BEGIN
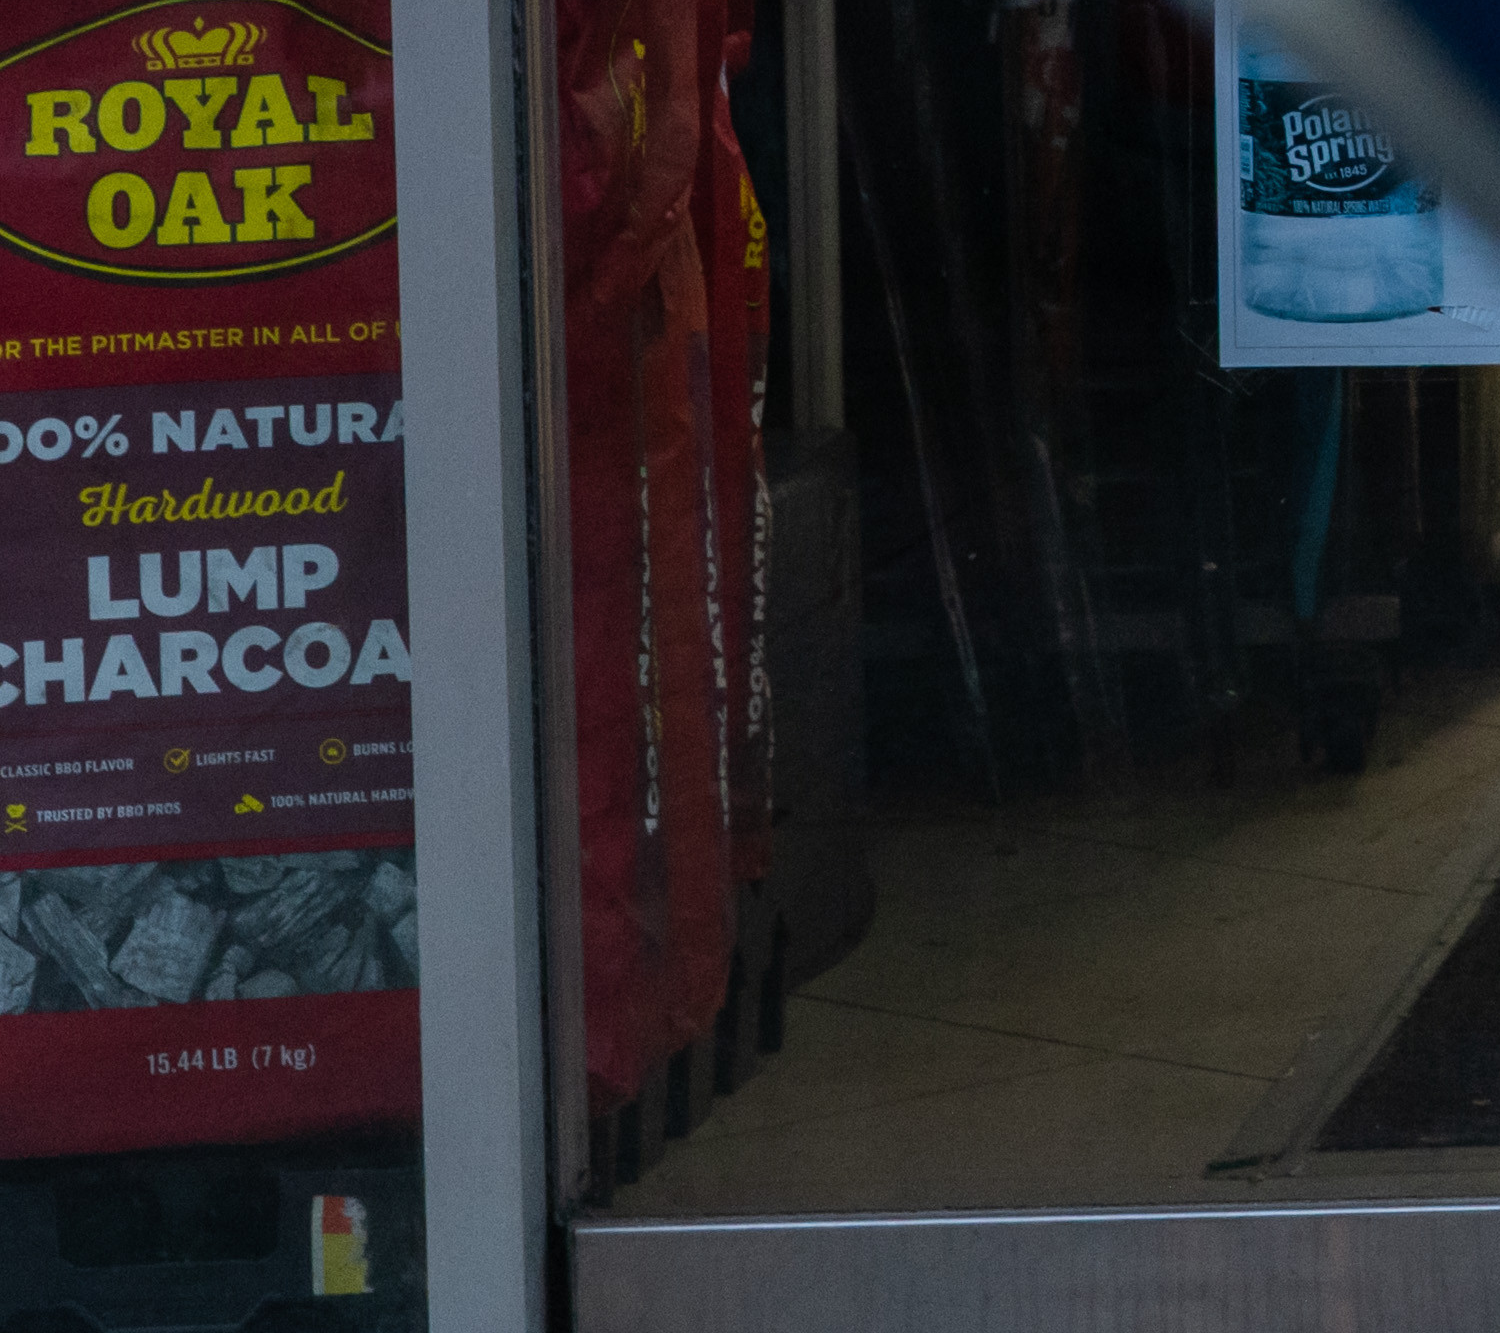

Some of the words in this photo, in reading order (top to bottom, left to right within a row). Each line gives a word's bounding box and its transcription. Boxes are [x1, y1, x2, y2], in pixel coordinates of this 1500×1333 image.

[24, 73, 375, 156] ROYAL
[1288, 133, 1394, 184] Spring
[87, 165, 315, 250] OAK
[30, 336, 82, 356] THE
[92, 329, 244, 354] PITMASTER
[253, 328, 280, 344] IN
[290, 325, 340, 343] ALL
[348, 322, 386, 341] OF
[79, 471, 346, 527] Hardwood
[88, 544, 339, 620] LUMP
[196, 751, 241, 766] LIGHTS
[245, 749, 275, 763] FAST
[37, 808, 94, 823] TRUSTED
[97, 806, 114, 819] BY
[117, 805, 144, 819] BBQ
[148, 803, 181, 816] PROS
[146, 1050, 205, 1074] 15.44
[212, 1048, 238, 1070] LB
[252, 1045, 270, 1070] (7
[280, 1044, 316, 1070] kg)
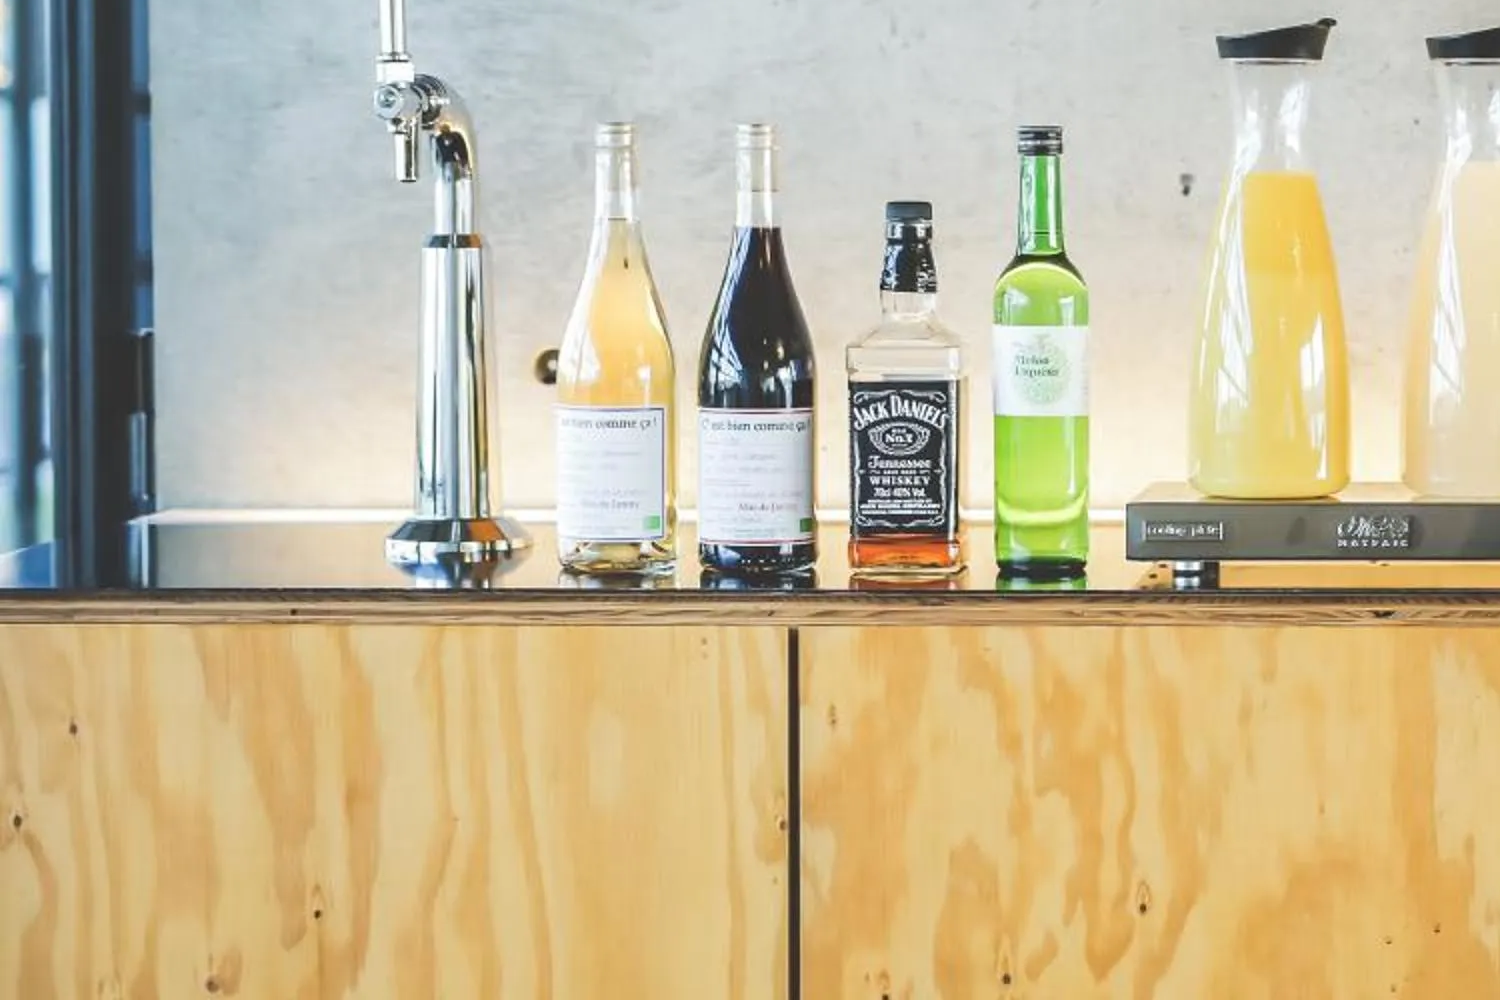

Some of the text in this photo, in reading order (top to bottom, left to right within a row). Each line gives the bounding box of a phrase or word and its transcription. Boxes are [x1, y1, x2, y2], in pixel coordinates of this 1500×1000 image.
END
Requirement | Repeat the data exactly. Pictures should not appear.

Expected answer |
Some of the words in this photo, in reading order (top to bottom, left to right within a row). Each line gives a word's bounding box and its transcription. Boxes are [x1, y1, x2, y2], in pixel coordinates of this 1500×1333 image.

[24, 73, 375, 156] ROYAL
[1288, 133, 1394, 184] Spring
[87, 165, 315, 250] OAK
[30, 336, 82, 356] THE
[92, 329, 244, 354] PITMASTER
[253, 328, 280, 344] IN
[290, 325, 340, 343] ALL
[348, 322, 386, 341] OF
[79, 471, 346, 527] Hardwood
[88, 544, 339, 620] LUMP
[196, 751, 241, 766] LIGHTS
[245, 749, 275, 763] FAST
[37, 808, 94, 823] TRUSTED
[97, 806, 114, 819] BY
[117, 805, 144, 819] BBQ
[148, 803, 181, 816] PROS
[146, 1050, 205, 1074] 15.44
[212, 1048, 238, 1070] LB
[252, 1045, 270, 1070] (7
[280, 1044, 316, 1070] kg)

Some of the text in this photo, in reading order (top to bottom, left to right within a row). Each line gives the bounding box of a phrase or word and its transcription. Boxes are [x1, y1, x2, y2], in pixel coordinates of this 1500×1000 image.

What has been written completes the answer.